1. Peel the plastic off the trap
2. Place the trap in an area where the rodents travel.
3. (Once you have caught the varmint) Dispose of the Trap

Voila! Super easy! They forgot, as I was soon to find out, one of the most important steps.

2.5. Pick up the trap, which contains a rat that is screaming/squealing frantically and put the poor suffering creature out of its misery.

I will never buy glue traps again. One of the clinchers to this was when I was sitting on the couch in my old Argyle house and I saw something move in the kitchen. I jumped up and put a glue trap near the spot I thought they were coming in.

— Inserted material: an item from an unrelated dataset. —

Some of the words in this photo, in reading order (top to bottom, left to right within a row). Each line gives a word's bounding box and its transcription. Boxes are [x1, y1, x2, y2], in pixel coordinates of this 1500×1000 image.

Well I checked back in an hour or so and there were four baby rats stuck to the trap. Even though they were rats, they were just little babies... and all of them were squealing. I could hear Anthony Hopkins voice in my head "Tell me about the Rats, Clarice..." That was in the past so let's get back to what happened that made me write up this post in the first place.

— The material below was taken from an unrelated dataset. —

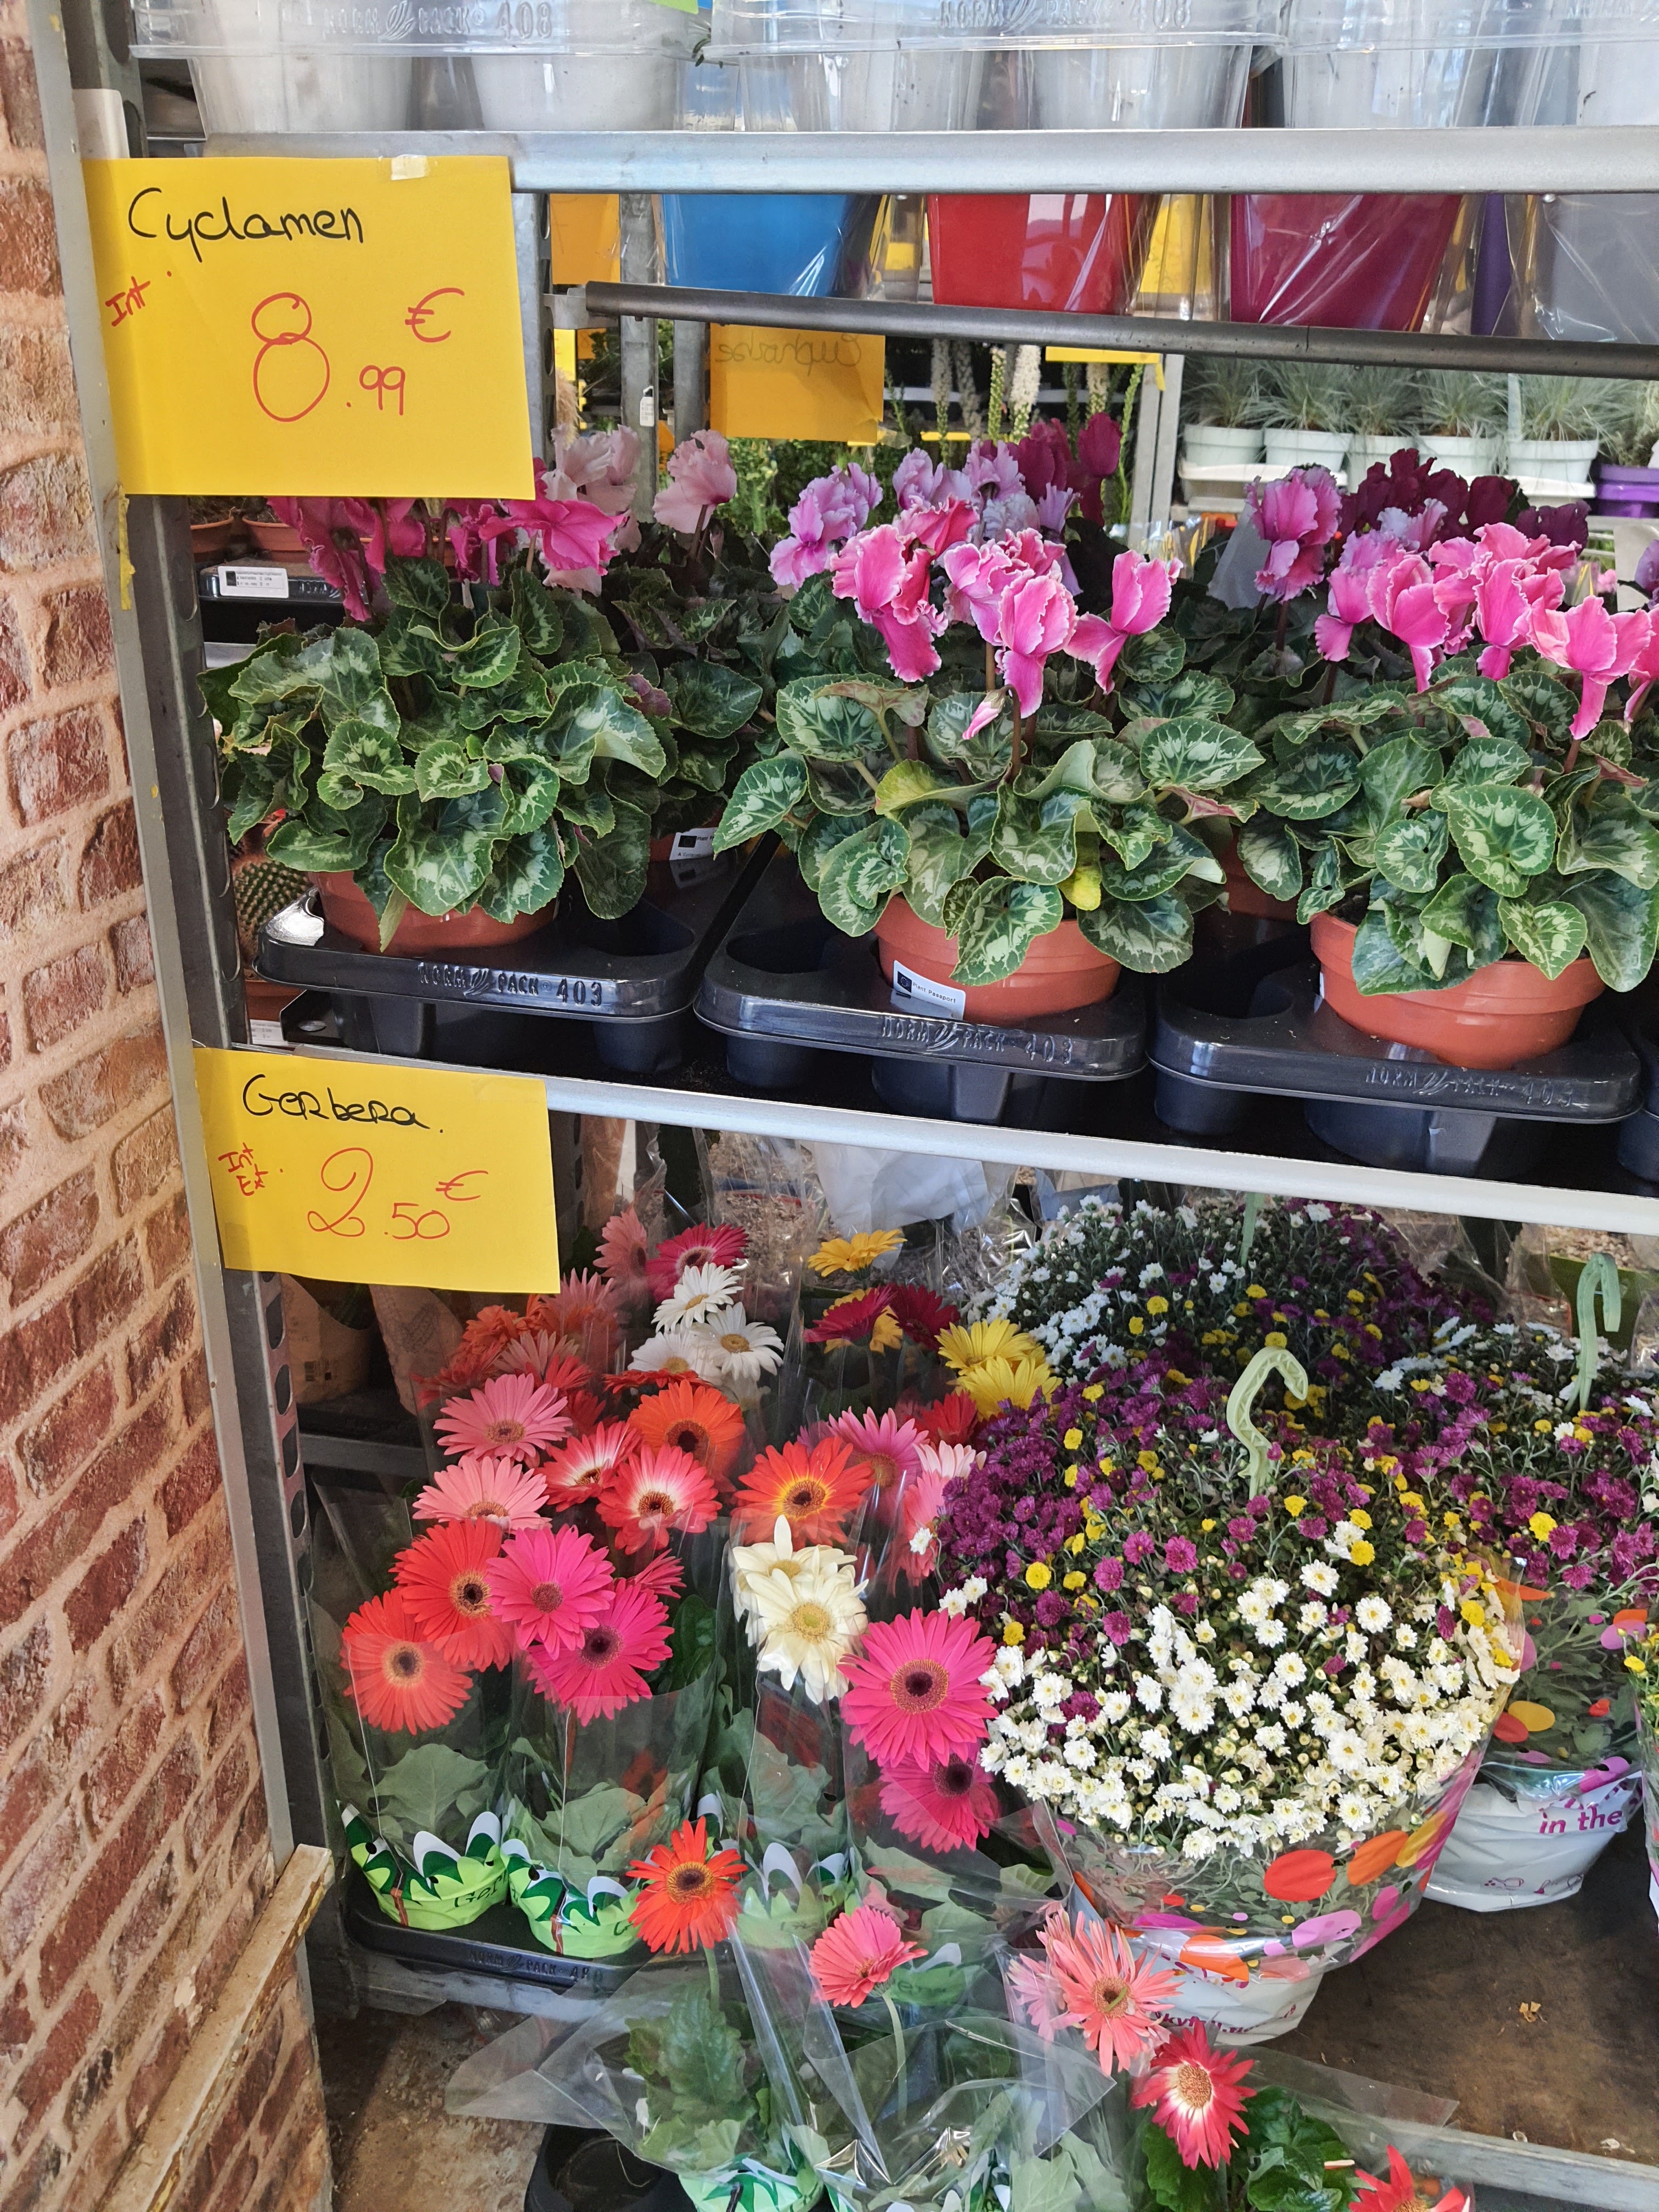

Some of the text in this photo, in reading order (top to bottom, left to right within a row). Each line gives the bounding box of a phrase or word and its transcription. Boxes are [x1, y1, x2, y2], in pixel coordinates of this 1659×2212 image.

I was getting ready to go to work the other morning when I heard squealing coming from the other room. Then my faithful cat came trotting out of the kitchen heading for the cat door to the porch. In his mouth was a mouse. Excellent work, my minion! I went to open the door for him -- it was the least I could do to reward him for his good work. As soon as I went to open the door, however, he let the mouse go. I quickly stepped on it. Don't worry, I did not have my shoes on yet and stepped lightly. All I could see of the mouse was its tail sticking out from under the arch of my socked foot.

I grabbed the tail and lifted him up. I looked him in his beady little eyes and pronounced his sentence. I felt a little like Judge Dredd (I had to get a plug in for Dredd, which seems to have flopped in the theaters, but I thought it was good.): Judge, jury and executioner. "Mouse, you have been found guilty of stealing food and pooping all over the place. Your sentence is death by cat." Despite my saying how I did not want harm the little creatures, at 4:30 am, I was without mercy. I looked at the cat and said, "You started this, you can finish it." I went out to the porch and let the mouse go in front of the cat. He swatted the mouse twice and then the mouse scurried behind a wicker basket that I use to hold old plastic grocery bags. I moved the basket and the mouse ran under a pile of plastic bags. Actually it was a bag that had five or six bags stuffed into it. Where was the cat? I moved the bags and the mouse was gone. I thought I saw something move in the bags and pinched off the top. I gave the cat a very disappointed look and told the mouse in the bag, "The governor called, your sentence has been changed to exile."

I ended up driving to work holding the bag closed. I drive a stick shift which made this even more of a challenge. Thankfully it only takes me 15 minutes to get to work. When I arrived, I took the bags and slowly started emptying them, one by one, looking for the mouse. I got to the last bag and no mouse. Either it was never in the bag or it got out while I was shifting and I did not see it. If it did get out, it will live like a king in my car. Month old cheese doodles, McDonald's residue and all sorts of other goodies are probably under the seats and on the floors.

A mouse was recently caught with the no kill trap that we had bought. Apparently they like kielbasa! We drove it to Super K Mart and let it loose in the back in a grassy area. Good luck in your new home, my little friend. If there are more of your kind in our kitchen, and all of our other preventative measures fail, maybe you will be getting some company soon. I prefer my mice on the big or little screen, at the pet store or in a laboratory. Hopefully this doesn't end up being a Disney movie (cartoon or live action) about a young mouse who gets separated from his family and struggles to beat the odds and finds his way home. Maybe it could be called "The Great Journey Home" or something. Or maybe it could be the "Mouse Hunger Games." (I can only hope it's the latter, and my mouse is from District 5 or elsewhere.) (I also just finished watching the Hunger Games as well.)